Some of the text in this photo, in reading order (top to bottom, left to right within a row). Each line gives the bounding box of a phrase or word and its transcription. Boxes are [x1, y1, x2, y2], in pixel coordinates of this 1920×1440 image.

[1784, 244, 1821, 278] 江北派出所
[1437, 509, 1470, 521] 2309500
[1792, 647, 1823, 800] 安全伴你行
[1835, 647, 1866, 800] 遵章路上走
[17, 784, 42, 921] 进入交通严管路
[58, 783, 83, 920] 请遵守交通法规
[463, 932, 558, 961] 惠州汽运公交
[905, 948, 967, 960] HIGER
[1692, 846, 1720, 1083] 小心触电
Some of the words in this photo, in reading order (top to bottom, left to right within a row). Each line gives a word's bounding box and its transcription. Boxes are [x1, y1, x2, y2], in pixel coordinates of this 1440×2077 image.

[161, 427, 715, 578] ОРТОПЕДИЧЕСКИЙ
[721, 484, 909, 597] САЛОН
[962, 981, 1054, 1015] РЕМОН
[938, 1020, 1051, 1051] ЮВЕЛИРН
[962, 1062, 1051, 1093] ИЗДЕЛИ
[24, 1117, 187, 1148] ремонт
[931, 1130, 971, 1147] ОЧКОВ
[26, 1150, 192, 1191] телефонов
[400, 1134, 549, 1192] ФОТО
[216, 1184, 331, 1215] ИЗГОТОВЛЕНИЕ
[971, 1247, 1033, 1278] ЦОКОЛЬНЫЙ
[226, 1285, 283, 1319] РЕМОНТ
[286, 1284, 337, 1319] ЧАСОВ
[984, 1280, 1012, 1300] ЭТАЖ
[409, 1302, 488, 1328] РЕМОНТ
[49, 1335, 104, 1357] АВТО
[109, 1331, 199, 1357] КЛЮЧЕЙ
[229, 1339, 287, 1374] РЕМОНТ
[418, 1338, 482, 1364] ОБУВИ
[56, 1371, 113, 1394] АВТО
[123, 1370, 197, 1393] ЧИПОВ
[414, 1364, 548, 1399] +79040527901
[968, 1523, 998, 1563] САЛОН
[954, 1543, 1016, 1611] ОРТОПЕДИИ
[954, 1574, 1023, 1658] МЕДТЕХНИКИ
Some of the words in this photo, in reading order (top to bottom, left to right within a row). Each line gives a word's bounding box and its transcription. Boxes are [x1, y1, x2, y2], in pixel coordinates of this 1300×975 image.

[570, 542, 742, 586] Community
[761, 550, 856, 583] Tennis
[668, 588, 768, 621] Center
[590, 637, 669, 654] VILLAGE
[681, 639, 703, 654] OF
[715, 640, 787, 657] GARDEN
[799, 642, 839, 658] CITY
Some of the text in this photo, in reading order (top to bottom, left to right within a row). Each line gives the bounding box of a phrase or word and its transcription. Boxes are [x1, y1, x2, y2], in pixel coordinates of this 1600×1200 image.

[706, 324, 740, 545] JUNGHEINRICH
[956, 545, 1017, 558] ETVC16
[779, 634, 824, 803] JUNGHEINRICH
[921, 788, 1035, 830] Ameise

■ **EXERCISE INSTRUCTIONS**
Every line of the listing must be written out again exactly.

■ **SOLUTION FOR THIS PROBLEM**
Some of the text in this photo, in reading order (top to bottom, left to right within a row). Each line gives the bounding box of a phrase or word and its transcription. Boxes are [x1, y1, x2, y2], in pixel coordinates of this 1920×1440 image.

[1784, 244, 1821, 278] 江北派出所
[1437, 509, 1470, 521] 2309500
[1792, 647, 1823, 800] 安全伴你行
[1835, 647, 1866, 800] 遵章路上走
[17, 784, 42, 921] 进入交通严管路
[58, 783, 83, 920] 请遵守交通法规
[463, 932, 558, 961] 惠州汽运公交
[905, 948, 967, 960] HIGER
[1692, 846, 1720, 1083] 小心触电
Some of the words in this photo, in reading order (top to bottom, left to right within a row). Each line gives a word's bounding box and its transcription. Boxes are [x1, y1, x2, y2], in pixel coordinates of this 1440×2077 image.

[161, 427, 715, 578] ОРТОПЕДИЧЕСКИЙ
[721, 484, 909, 597] САЛОН
[962, 981, 1054, 1015] РЕМОН
[938, 1020, 1051, 1051] ЮВЕЛИРН
[962, 1062, 1051, 1093] ИЗДЕЛИ
[24, 1117, 187, 1148] ремонт
[931, 1130, 971, 1147] ОЧКОВ
[26, 1150, 192, 1191] телефонов
[400, 1134, 549, 1192] ФОТО
[216, 1184, 331, 1215] ИЗГОТОВЛЕНИЕ
[971, 1247, 1033, 1278] ЦОКОЛЬНЫЙ
[226, 1285, 283, 1319] РЕМОНТ
[286, 1284, 337, 1319] ЧАСОВ
[984, 1280, 1012, 1300] ЭТАЖ
[409, 1302, 488, 1328] РЕМОНТ
[49, 1335, 104, 1357] АВТО
[109, 1331, 199, 1357] КЛЮЧЕЙ
[229, 1339, 287, 1374] РЕМОНТ
[418, 1338, 482, 1364] ОБУВИ
[56, 1371, 113, 1394] АВТО
[123, 1370, 197, 1393] ЧИПОВ
[414, 1364, 548, 1399] +79040527901
[968, 1523, 998, 1563] САЛОН
[954, 1543, 1016, 1611] ОРТОПЕДИИ
[954, 1574, 1023, 1658] МЕДТЕХНИКИ
Some of the words in this photo, in reading order (top to bottom, left to right within a row). Each line gives a word's bounding box and its transcription. Boxes are [x1, y1, x2, y2], in pixel coordinates of this 1300×975 image.

[570, 542, 742, 586] Community
[761, 550, 856, 583] Tennis
[668, 588, 768, 621] Center
[590, 637, 669, 654] VILLAGE
[681, 639, 703, 654] OF
[715, 640, 787, 657] GARDEN
[799, 642, 839, 658] CITY
Some of the text in this photo, in reading order (top to bottom, left to right within a row). Each line gives the bounding box of a phrase or word and its transcription. Boxes are [x1, y1, x2, y2], in pixel coordinates of this 1600×1200 image.

[706, 324, 740, 545] JUNGHEINRICH
[956, 545, 1017, 558] ETVC16
[779, 634, 824, 803] JUNGHEINRICH
[921, 788, 1035, 830] Ameise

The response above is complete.